START RECORDS SUPPLIED

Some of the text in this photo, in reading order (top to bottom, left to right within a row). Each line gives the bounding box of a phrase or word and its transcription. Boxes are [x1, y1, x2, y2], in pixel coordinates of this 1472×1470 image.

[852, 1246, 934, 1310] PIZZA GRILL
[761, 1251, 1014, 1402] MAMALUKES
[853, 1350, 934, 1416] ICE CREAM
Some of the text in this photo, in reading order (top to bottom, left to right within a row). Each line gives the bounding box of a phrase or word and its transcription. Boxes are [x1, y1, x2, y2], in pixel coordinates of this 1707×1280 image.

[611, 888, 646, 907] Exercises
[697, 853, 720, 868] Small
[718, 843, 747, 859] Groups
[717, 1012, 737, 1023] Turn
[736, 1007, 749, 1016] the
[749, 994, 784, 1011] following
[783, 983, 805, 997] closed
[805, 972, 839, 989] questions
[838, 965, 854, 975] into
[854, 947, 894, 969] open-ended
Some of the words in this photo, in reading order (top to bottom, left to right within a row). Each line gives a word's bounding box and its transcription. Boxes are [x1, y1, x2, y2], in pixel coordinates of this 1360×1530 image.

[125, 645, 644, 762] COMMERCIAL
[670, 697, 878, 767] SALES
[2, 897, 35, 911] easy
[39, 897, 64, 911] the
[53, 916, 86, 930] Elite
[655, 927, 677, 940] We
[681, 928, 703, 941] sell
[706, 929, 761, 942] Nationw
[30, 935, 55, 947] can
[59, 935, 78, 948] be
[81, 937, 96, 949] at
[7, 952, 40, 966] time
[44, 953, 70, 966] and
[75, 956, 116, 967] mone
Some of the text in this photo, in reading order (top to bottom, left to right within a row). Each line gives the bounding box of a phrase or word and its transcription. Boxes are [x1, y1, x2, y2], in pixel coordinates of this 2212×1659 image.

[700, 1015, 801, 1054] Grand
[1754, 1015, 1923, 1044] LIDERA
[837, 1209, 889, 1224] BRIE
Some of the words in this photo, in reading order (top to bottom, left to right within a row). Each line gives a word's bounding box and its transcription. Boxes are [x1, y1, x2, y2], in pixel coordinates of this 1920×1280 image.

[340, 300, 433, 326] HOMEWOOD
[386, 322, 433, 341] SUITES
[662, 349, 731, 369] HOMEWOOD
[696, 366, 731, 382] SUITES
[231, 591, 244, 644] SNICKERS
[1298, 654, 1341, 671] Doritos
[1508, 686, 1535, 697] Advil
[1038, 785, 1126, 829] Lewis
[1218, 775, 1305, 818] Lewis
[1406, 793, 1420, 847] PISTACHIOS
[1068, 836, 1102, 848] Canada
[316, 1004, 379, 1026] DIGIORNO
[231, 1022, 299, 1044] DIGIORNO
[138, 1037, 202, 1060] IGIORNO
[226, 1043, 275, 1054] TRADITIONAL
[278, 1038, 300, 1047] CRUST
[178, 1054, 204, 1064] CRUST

END RECORDS SUPPLIED

TRY IT: Each of the lines above must appear again, unchanged.

EXERCISE ANSWER:
Some of the text in this photo, in reading order (top to bottom, left to right within a row). Each line gives the bounding box of a phrase or word and its transcription. Boxes are [x1, y1, x2, y2], in pixel coordinates of this 1472×1470 image.

[852, 1246, 934, 1310] PIZZA GRILL
[761, 1251, 1014, 1402] MAMALUKES
[853, 1350, 934, 1416] ICE CREAM
Some of the text in this photo, in reading order (top to bottom, left to right within a row). Each line gives the bounding box of a phrase or word and its transcription. Boxes are [x1, y1, x2, y2], in pixel coordinates of this 1707×1280 image.

[611, 888, 646, 907] Exercises
[697, 853, 720, 868] Small
[718, 843, 747, 859] Groups
[717, 1012, 737, 1023] Turn
[736, 1007, 749, 1016] the
[749, 994, 784, 1011] following
[783, 983, 805, 997] closed
[805, 972, 839, 989] questions
[838, 965, 854, 975] into
[854, 947, 894, 969] open-ended
Some of the words in this photo, in reading order (top to bottom, left to right within a row). Each line gives a word's bounding box and its transcription. Boxes are [x1, y1, x2, y2], in pixel coordinates of this 1360×1530 image.

[125, 645, 644, 762] COMMERCIAL
[670, 697, 878, 767] SALES
[2, 897, 35, 911] easy
[39, 897, 64, 911] the
[53, 916, 86, 930] Elite
[655, 927, 677, 940] We
[681, 928, 703, 941] sell
[706, 929, 761, 942] Nationw
[30, 935, 55, 947] can
[59, 935, 78, 948] be
[81, 937, 96, 949] at
[7, 952, 40, 966] time
[44, 953, 70, 966] and
[75, 956, 116, 967] mone
Some of the text in this photo, in reading order (top to bottom, left to right within a row). Each line gives the bounding box of a phrase or word and its transcription. Boxes are [x1, y1, x2, y2], in pixel coordinates of this 2212×1659 image.

[700, 1015, 801, 1054] Grand
[1754, 1015, 1923, 1044] LIDERA
[837, 1209, 889, 1224] BRIE
Some of the words in this photo, in reading order (top to bottom, left to right within a row). Each line gives a word's bounding box and its transcription. Boxes are [x1, y1, x2, y2], in pixel coordinates of this 1920×1280 image.

[340, 300, 433, 326] HOMEWOOD
[386, 322, 433, 341] SUITES
[662, 349, 731, 369] HOMEWOOD
[696, 366, 731, 382] SUITES
[231, 591, 244, 644] SNICKERS
[1298, 654, 1341, 671] Doritos
[1508, 686, 1535, 697] Advil
[1038, 785, 1126, 829] Lewis
[1218, 775, 1305, 818] Lewis
[1406, 793, 1420, 847] PISTACHIOS
[1068, 836, 1102, 848] Canada
[316, 1004, 379, 1026] DIGIORNO
[231, 1022, 299, 1044] DIGIORNO
[138, 1037, 202, 1060] IGIORNO
[226, 1043, 275, 1054] TRADITIONAL
[278, 1038, 300, 1047] CRUST
[178, 1054, 204, 1064] CRUST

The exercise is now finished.